*DATA EXTRACT:*
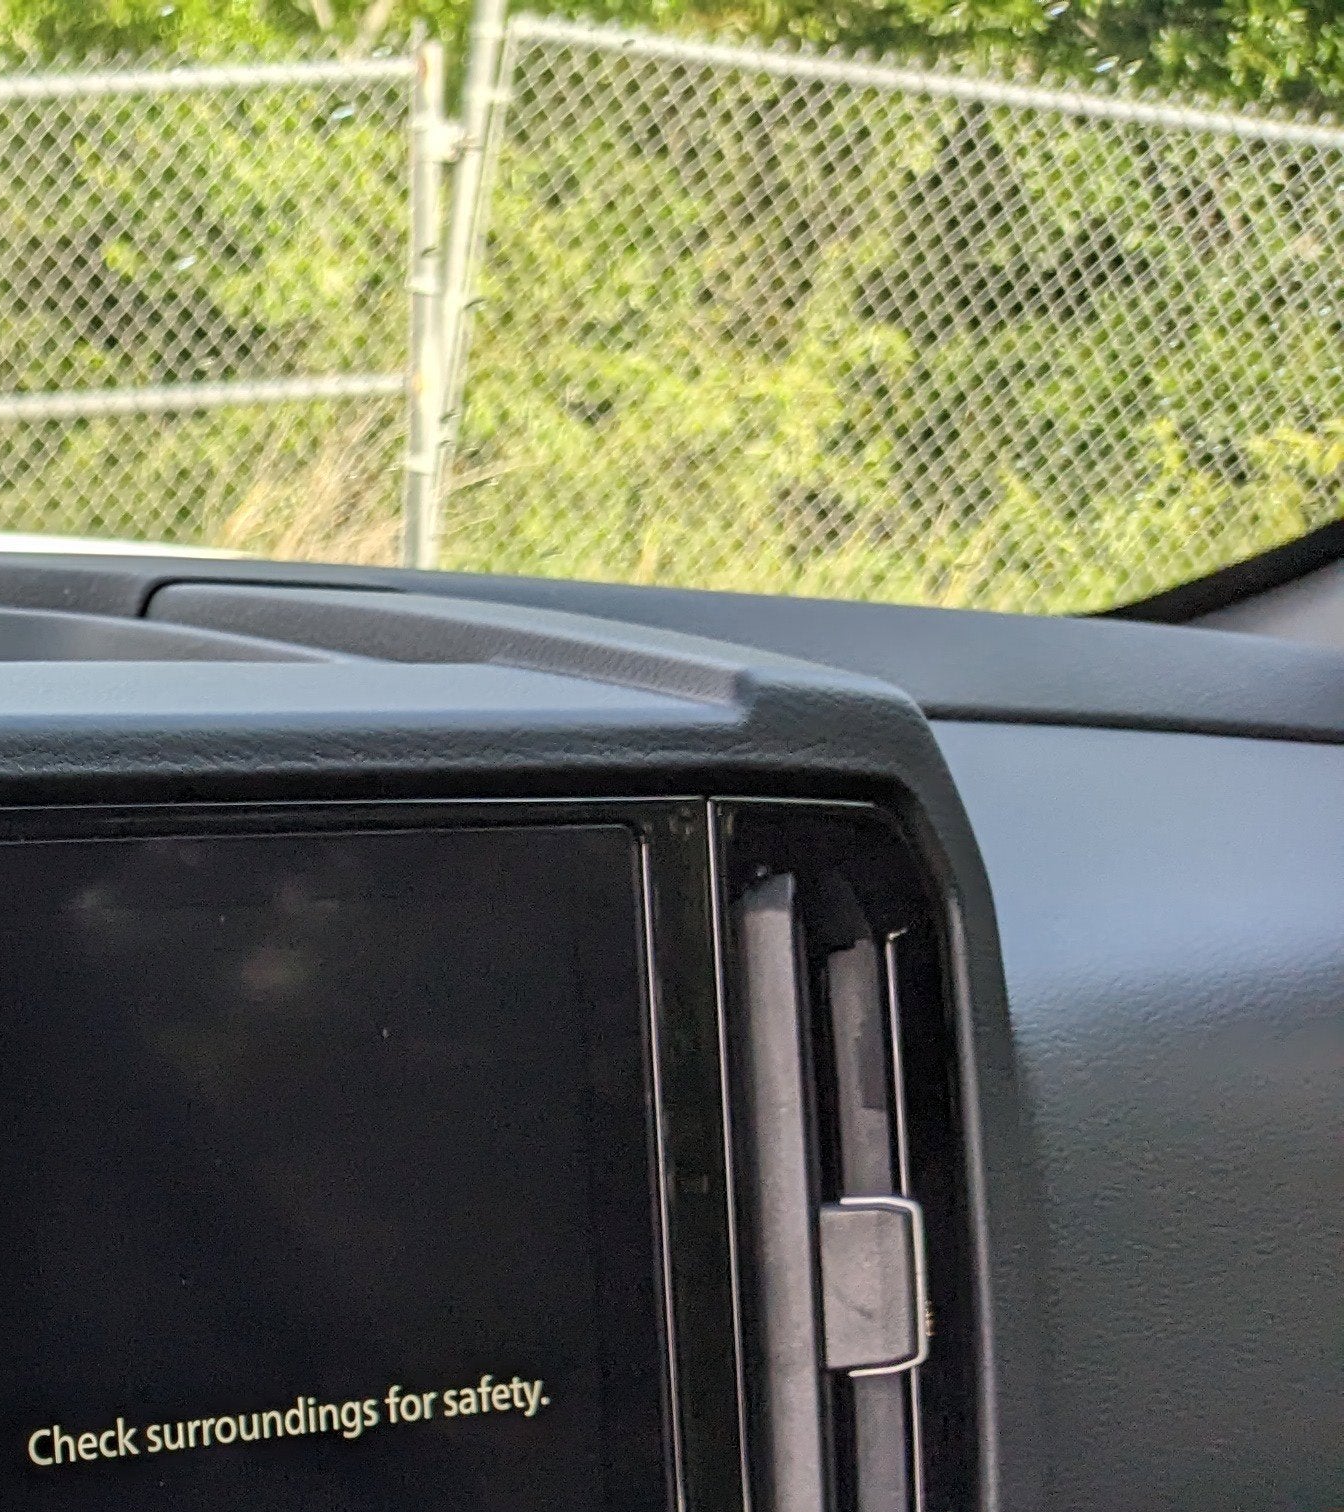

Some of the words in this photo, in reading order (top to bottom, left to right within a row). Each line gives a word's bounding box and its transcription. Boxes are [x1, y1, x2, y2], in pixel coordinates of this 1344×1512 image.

[28, 1418, 140, 1466] Check
[146, 1396, 379, 1454] surroundings
[384, 1385, 437, 1424] for
[443, 1375, 551, 1419] safety.

*REQUIRED ACTION:*
Could you return the entire listing above verbatim while dropping each picture?

*ANSWER FOR THE TASK:*
Some of the words in this photo, in reading order (top to bottom, left to right within a row). Each line gives a word's bounding box and its transcription. Boxes are [x1, y1, x2, y2], in pixel coordinates of this 1344×1512 image.

[28, 1418, 140, 1466] Check
[146, 1396, 379, 1454] surroundings
[384, 1385, 437, 1424] for
[443, 1375, 551, 1419] safety.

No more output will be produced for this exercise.